La violenza economica tra le espressioni discriminatorie contro le donne è la più subdola e nascosta. Purtroppo è anche la più diffusa. Consapevoli dell’importanza dell’argomento e determinate a sviscerarne gli aspetti più reconditi, due associazioni ferraresi – Cds (Centro Documentazione Studi) Cultura Odv, un’organizzazione di volontariato a vocazione di studio e ricerca prevalentemente in ambito socio-economico, e Centro Donna Giustizia, un Centro Antiviolenza da sempre impegnato nella prevenzione e nel contrasto alle violenze sulle donne – hanno deciso di onorare la Giornata Internazionale per l’eliminazione della violenza contro le donne dello scorso 25 novembre condividendo un comune impegno progettuale dedicato alla violenza economica. Tale impegno si è concretizzato in un percorso complesso svoltosi tra novembre 2020 e febbraio 2021 e composto da cinque incontri tematici, un convegno e quattro interviste a esponenti del ferrarese e realtà territoriali limitrofe. Il progetto ha avuto i patrocini di ASviS, Comune e Provincia di Ferrara e Regione Emilia-Romagna.

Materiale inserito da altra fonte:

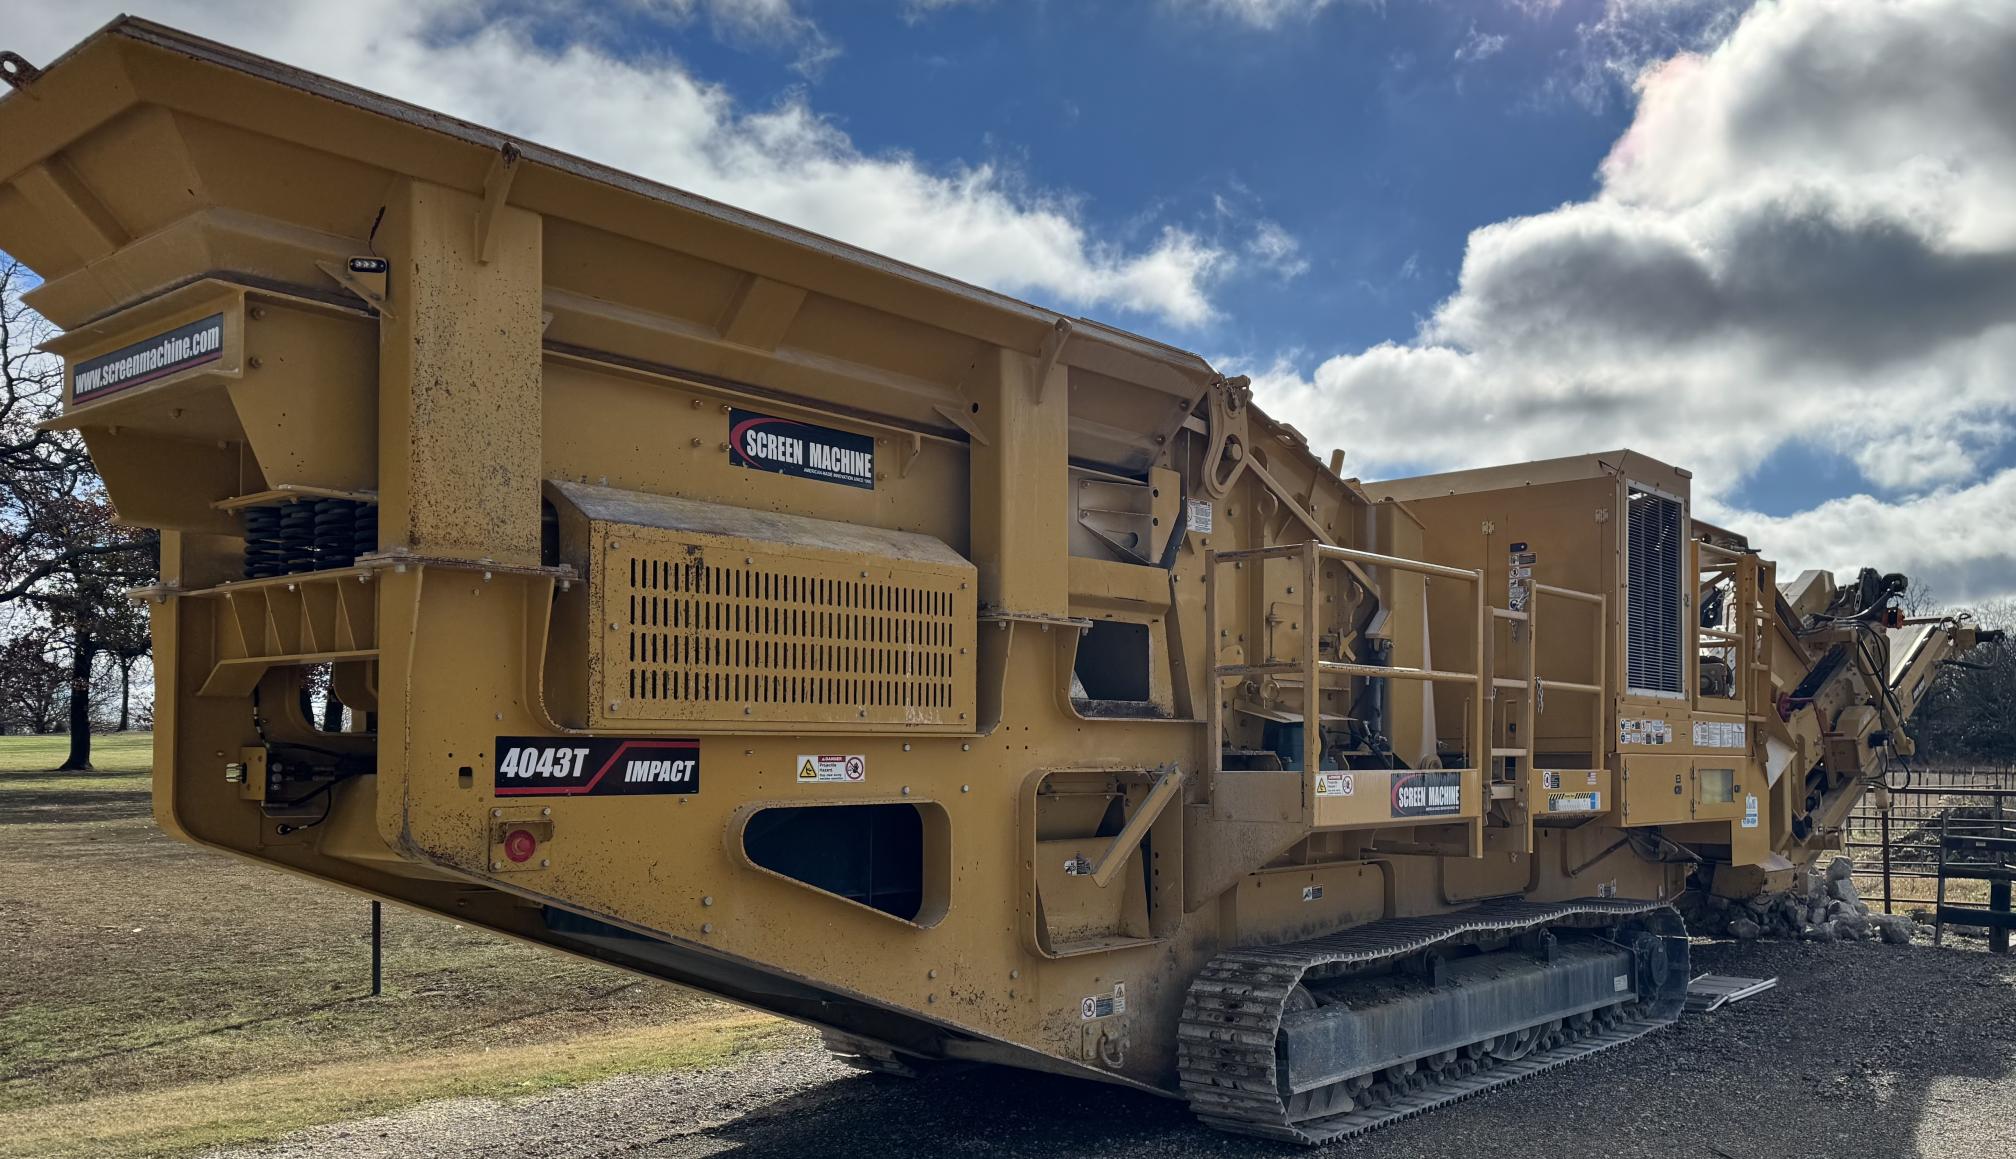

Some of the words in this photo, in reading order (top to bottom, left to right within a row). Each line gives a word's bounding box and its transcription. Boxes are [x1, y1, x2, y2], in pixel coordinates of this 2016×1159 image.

[75, 326, 219, 394] www.screenmachine.com
[746, 429, 803, 466] SCREEN
[809, 442, 873, 478] MACHINE
[500, 747, 590, 777] 4043T
[624, 760, 696, 783] IMPACT
[1398, 787, 1425, 808] SCREEN
[1428, 785, 1460, 806] MACHINE
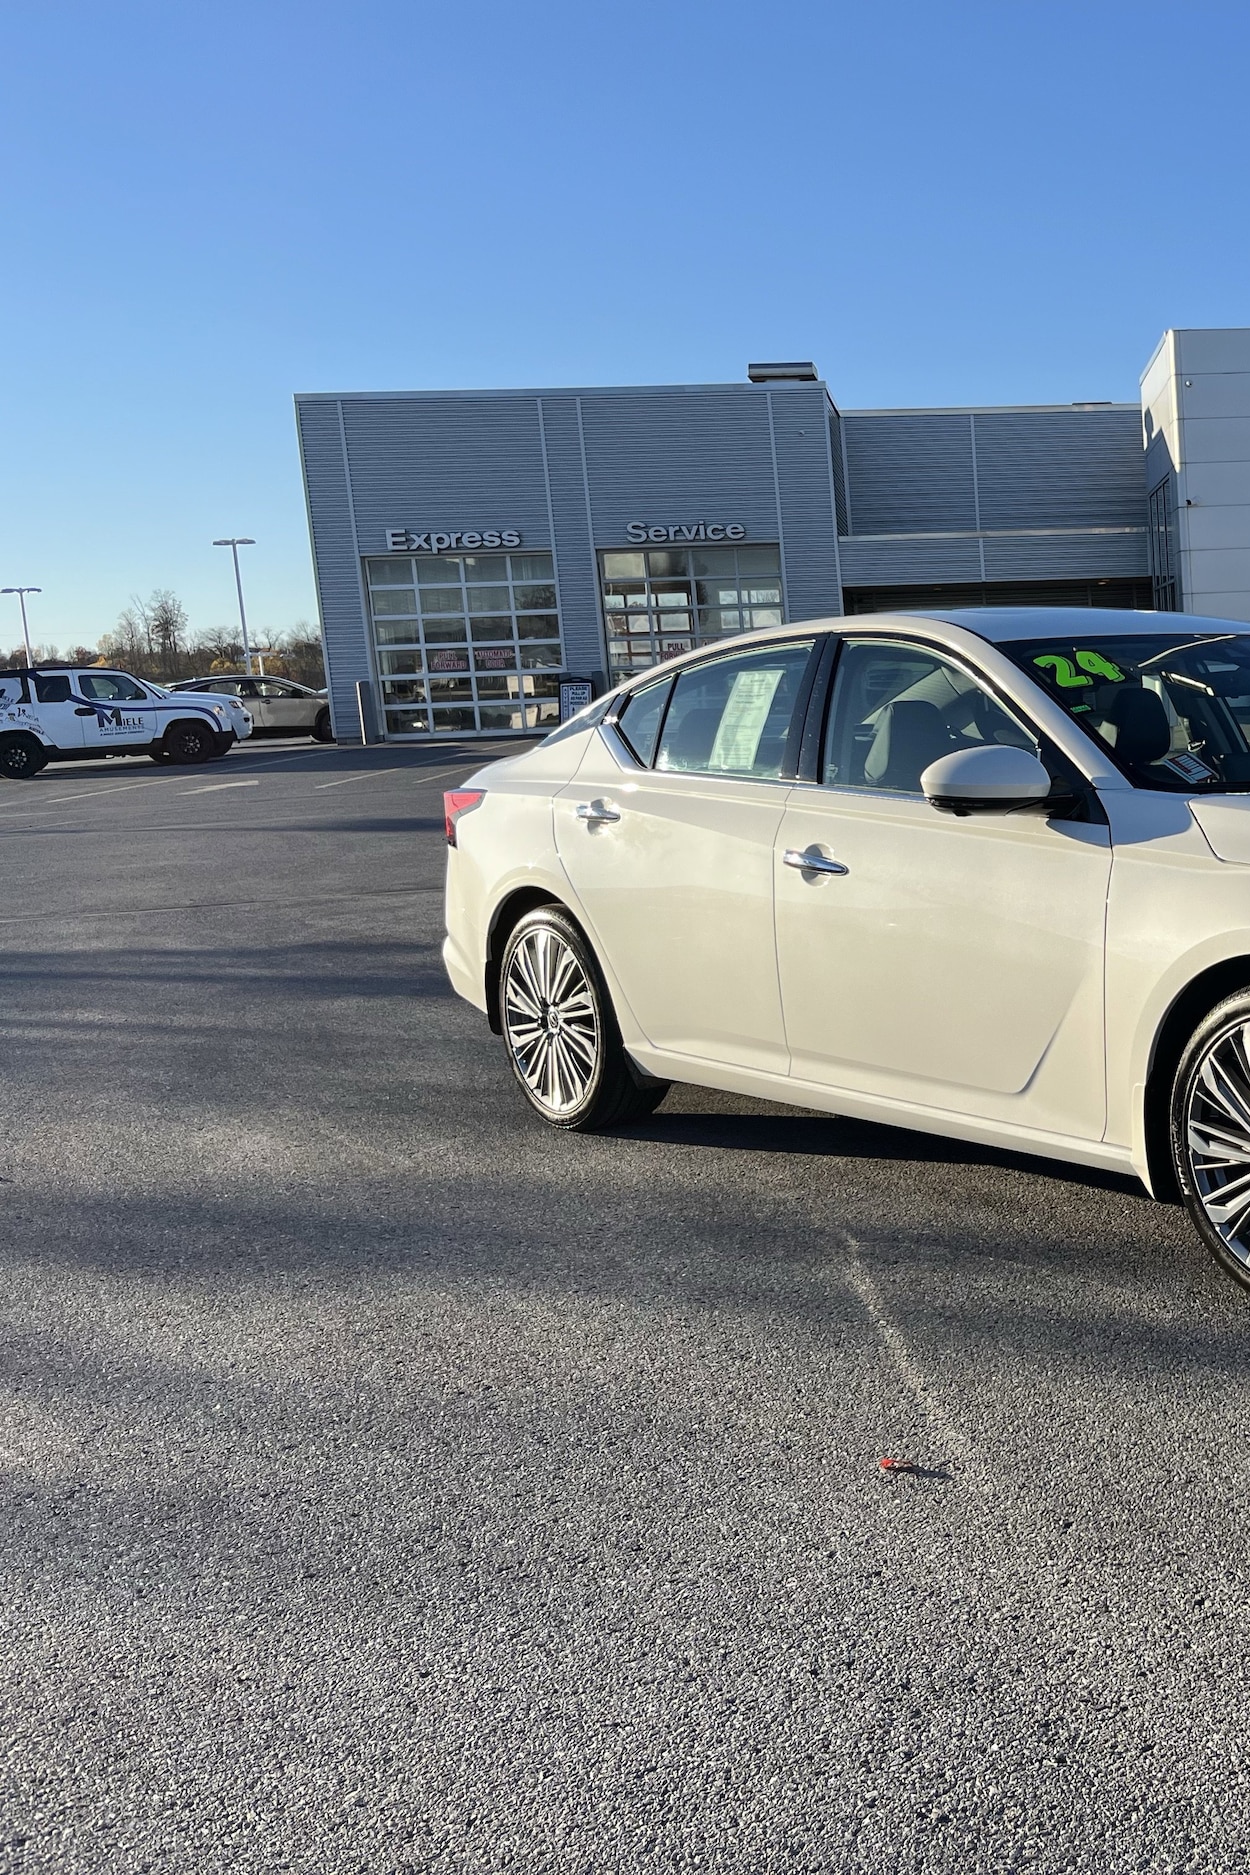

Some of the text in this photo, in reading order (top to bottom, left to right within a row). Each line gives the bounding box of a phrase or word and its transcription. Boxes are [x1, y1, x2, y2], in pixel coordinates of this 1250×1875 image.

[385, 528, 521, 554] Express
[626, 520, 746, 544] Service
[437, 650, 458, 661] PULL
[667, 643, 686, 651] PULL
[430, 660, 467, 671] FORWARD
[1033, 651, 1126, 688] 24
[97, 708, 144, 728] MIELE
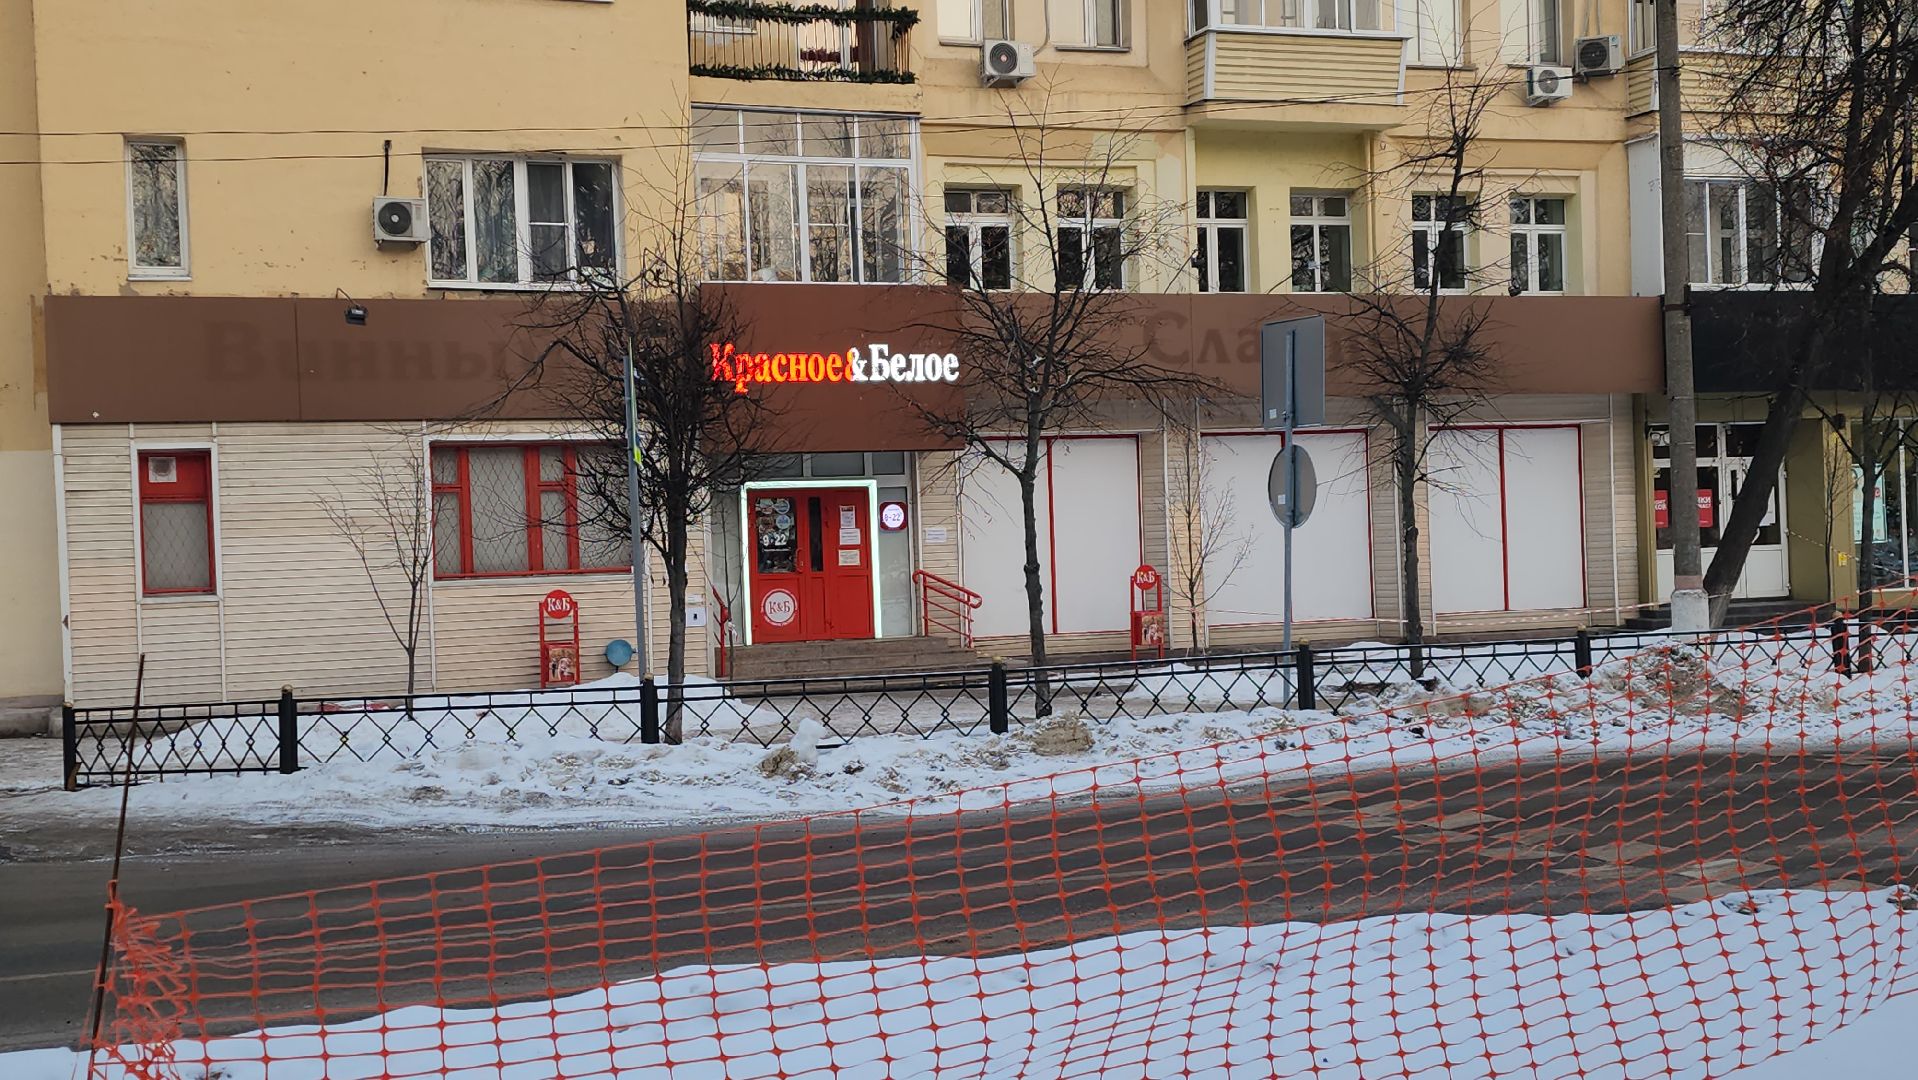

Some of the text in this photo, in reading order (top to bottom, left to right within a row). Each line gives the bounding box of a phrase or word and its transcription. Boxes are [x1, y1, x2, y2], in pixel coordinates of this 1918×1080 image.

[709, 343, 959, 394] Красное&Белое
[547, 597, 570, 612] К&Б
[769, 601, 790, 614] К&Б
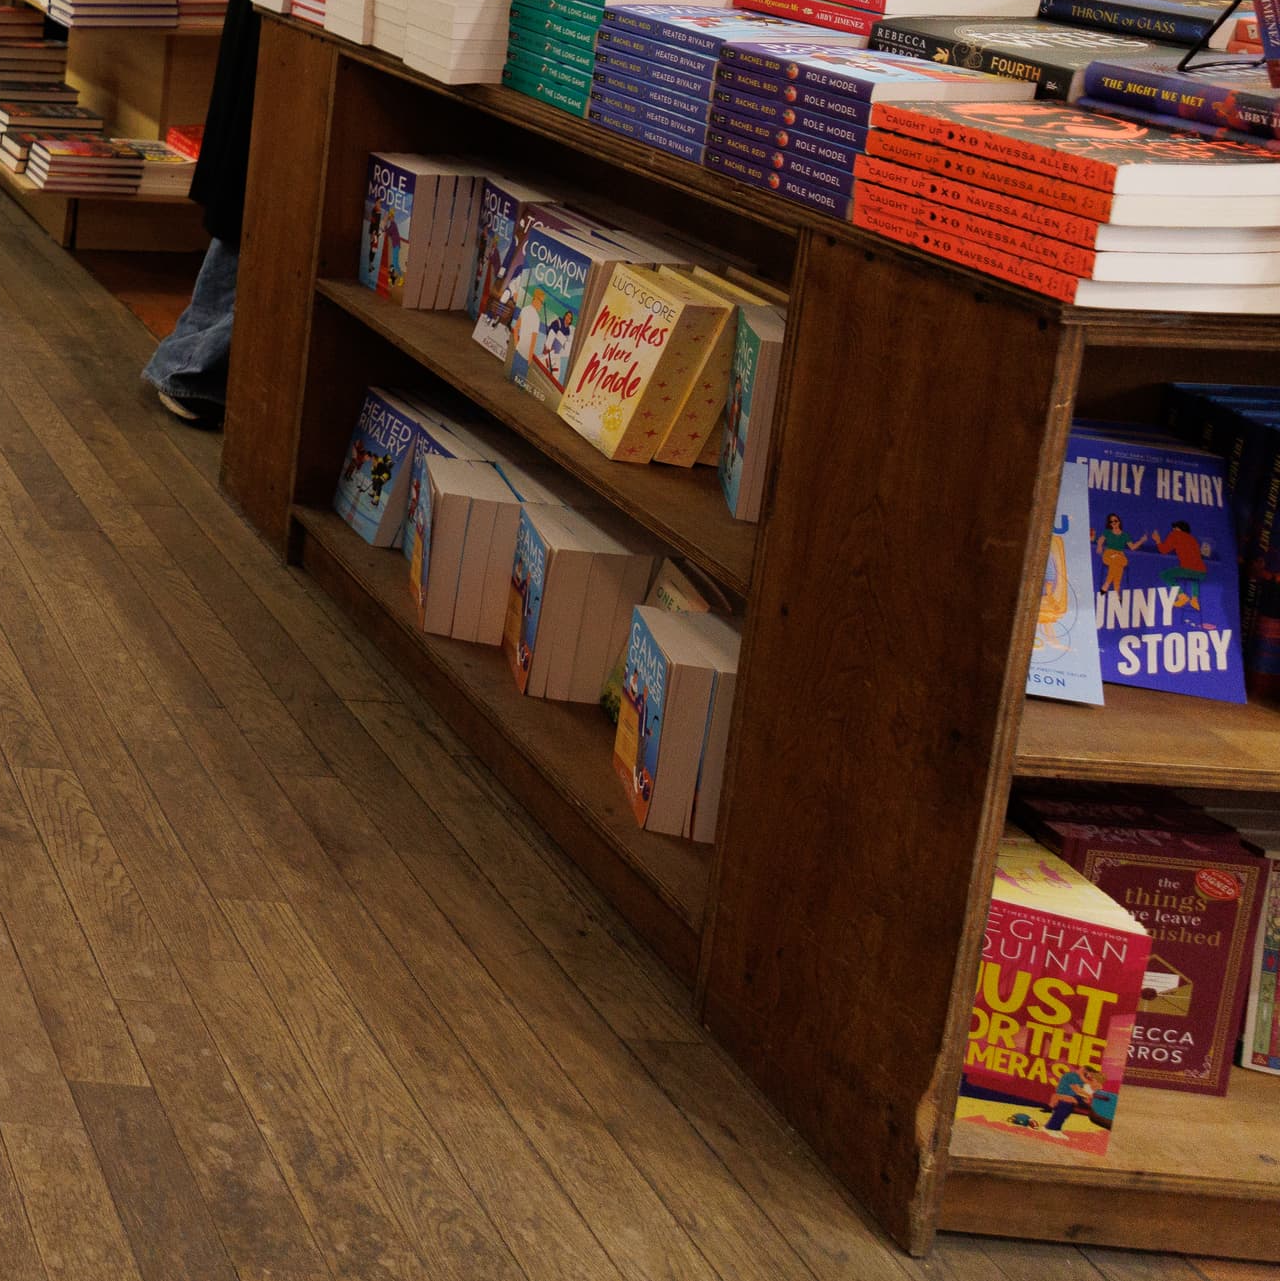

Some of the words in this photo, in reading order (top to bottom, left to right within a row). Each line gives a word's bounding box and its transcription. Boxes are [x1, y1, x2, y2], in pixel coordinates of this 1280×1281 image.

[877, 27, 927, 49] REBECCA
[1071, 5, 1120, 24] THRONE
[1136, 17, 1176, 34] GLASS
[662, 28, 687, 42] HEATED
[689, 36, 715, 49] RIVALRY
[740, 54, 763, 66] RACHEL
[766, 61, 780, 71] REID
[806, 72, 826, 85] ROLE
[829, 78, 858, 93] MODEL
[989, 55, 1042, 83] FOURTH
[1102, 77, 1123, 91] THE
[1124, 84, 1157, 97] NIGHT
[1161, 90, 1177, 102] WE
[1180, 94, 1205, 108] MET
[1238, 110, 1268, 125] ABBY
[885, 114, 925, 134] CAUGHT
[929, 127, 943, 137] UP
[984, 141, 1037, 163] NAVESSA
[1040, 155, 1079, 175] ALLEN
[373, 163, 407, 195] ROLE
[368, 185, 409, 214] MODEL
[484, 187, 512, 216] ROLE
[529, 241, 588, 284] COMMON
[534, 262, 572, 298] GOAL
[612, 274, 639, 299] LUCY
[640, 293, 677, 323] SCORE
[590, 305, 669, 347] Mistakes
[602, 341, 632, 363] Were
[576, 352, 641, 400] Made
[359, 412, 406, 458] RIVALRY
[361, 398, 413, 443] HEATED
[1156, 468, 1224, 508] HENRY
[1095, 586, 1180, 631] UNNY
[631, 622, 665, 679] GAME
[1117, 629, 1232, 677] STORY
[1123, 888, 1208, 913] things
[1157, 877, 1180, 891] the
[1198, 871, 1235, 897] SIGNED
[1146, 908, 1202, 928] leave
[986, 911, 1128, 963] EGHAN
[969, 1006, 1021, 1049] OR
[1026, 1021, 1108, 1072] THE
[964, 1041, 1071, 1088] MERAS

All’organizzazione del percorso hanno partecipato anche UDI e CGIL, CISL e UIL.
Gli atti del progetto (disponibili qui) raccontano il contributo di 34 relatrici e relatori in una insolita proposta “multimediale” di fruizione, tra la lettura e l’ascolto, grazie agli inserti audio-video delle registrazioni degli incontri, effettuate sulla piattaforma Zoom e trasmesse in diretta su social e YouTube.
I temi affrontati e l’origine del progetto
Gli ambiti di approfondimento sono stati molteplici: violenza economica in famiglia, nel mondo del lavoro, nella politica, nel sindacato, nella legislazione, nell’accesso al credito, senza trascurare l’aspetto storico e socio-culturale della sua genesi.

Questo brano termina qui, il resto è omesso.